Paper detail

A hybrid bio-organic interface for neuronal photo-activation

Interfacing artificial functional materials and living neuronal tissues is at the forefront of bio-nano-technology. Attempts have been so far based onto microscale processing of metals and inorganic semiconductors as electrodes or photoactive layers in biased devices. More recently, also nanomaterials properties have been investigated. In spite of extensive research however, the communication between biological tissues and artificial sensors is still a challenge. Constraints consist in the complexity of the fabrication processes (i.e. metal and semiconductor lithography), the mechanical properties (e.g. flexibility and mechanical invasiveness) and chemical influence (e.g. inflammatory reactions). In addition, electrodes have fixed geometries that limit the location in space of the stimulus and often electrical currents are detrimental for the overall system. To this respect organic soft matter offers a chance in terms of biological affinity and mechanical properties.
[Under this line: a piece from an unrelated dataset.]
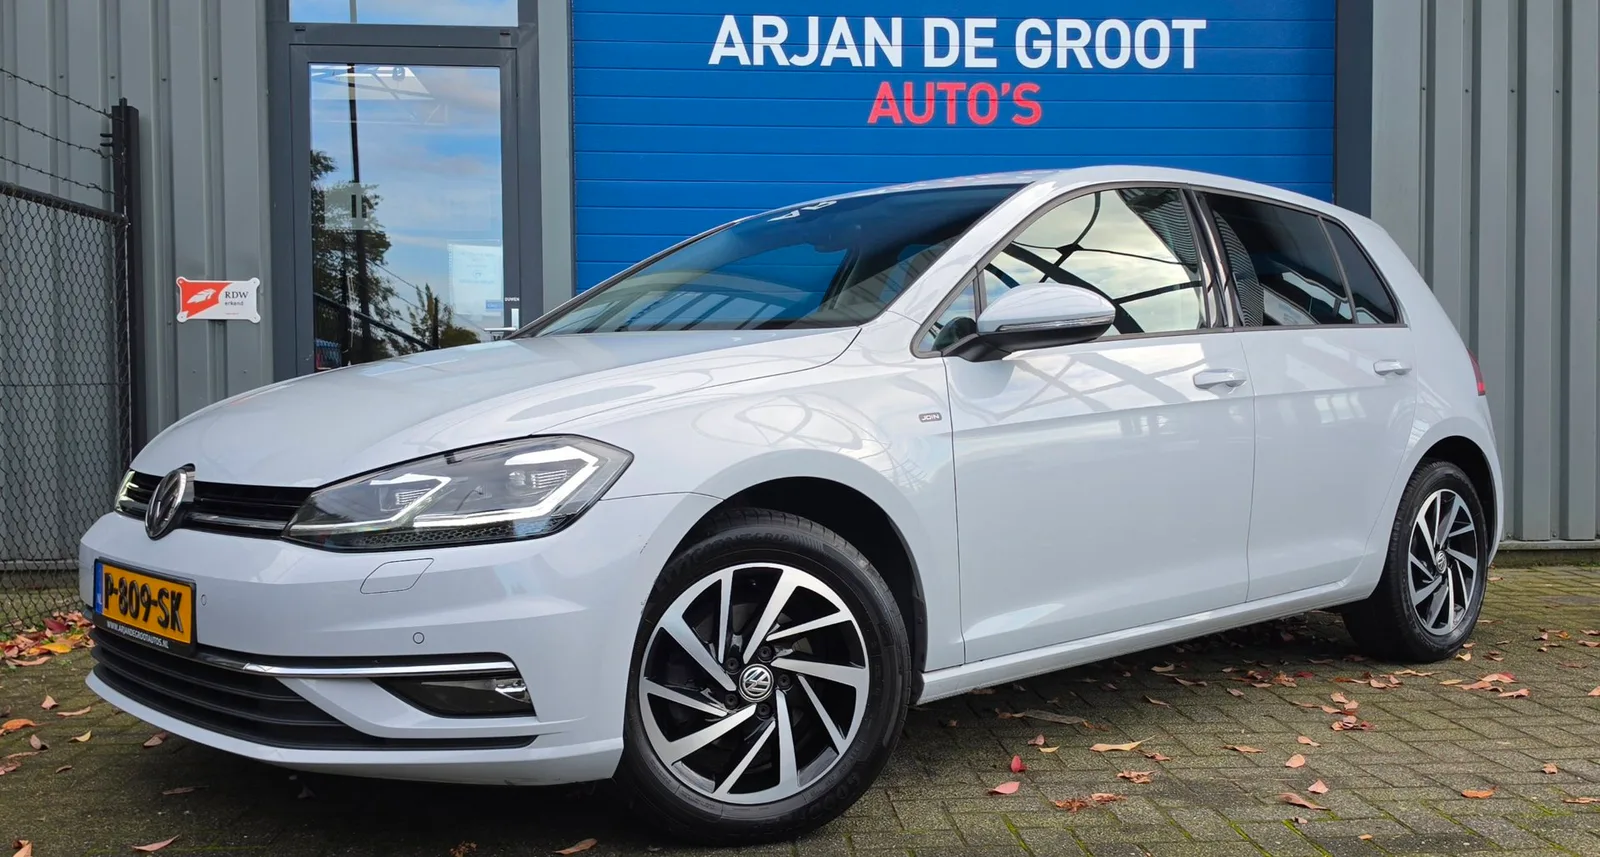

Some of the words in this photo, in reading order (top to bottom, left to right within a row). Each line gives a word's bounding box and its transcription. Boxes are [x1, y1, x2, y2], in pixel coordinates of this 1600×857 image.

In particular conjugated polymers have appealing optoelectronic features which could lead to a new generation of neuronal communication and photo-manipulation techniques. So far conjugated polymers have being only tested as coatings of electrodes for neuronal activity recording. Here we report an up-scale of their use: the successful interfacing of an organic semiconductor to a network of cultured primary neurons, through optical excitation. This allows to a new paradigm for the optical stimulation of neurons which could have important implications for the development of an artificial retina based on organic photodetectors.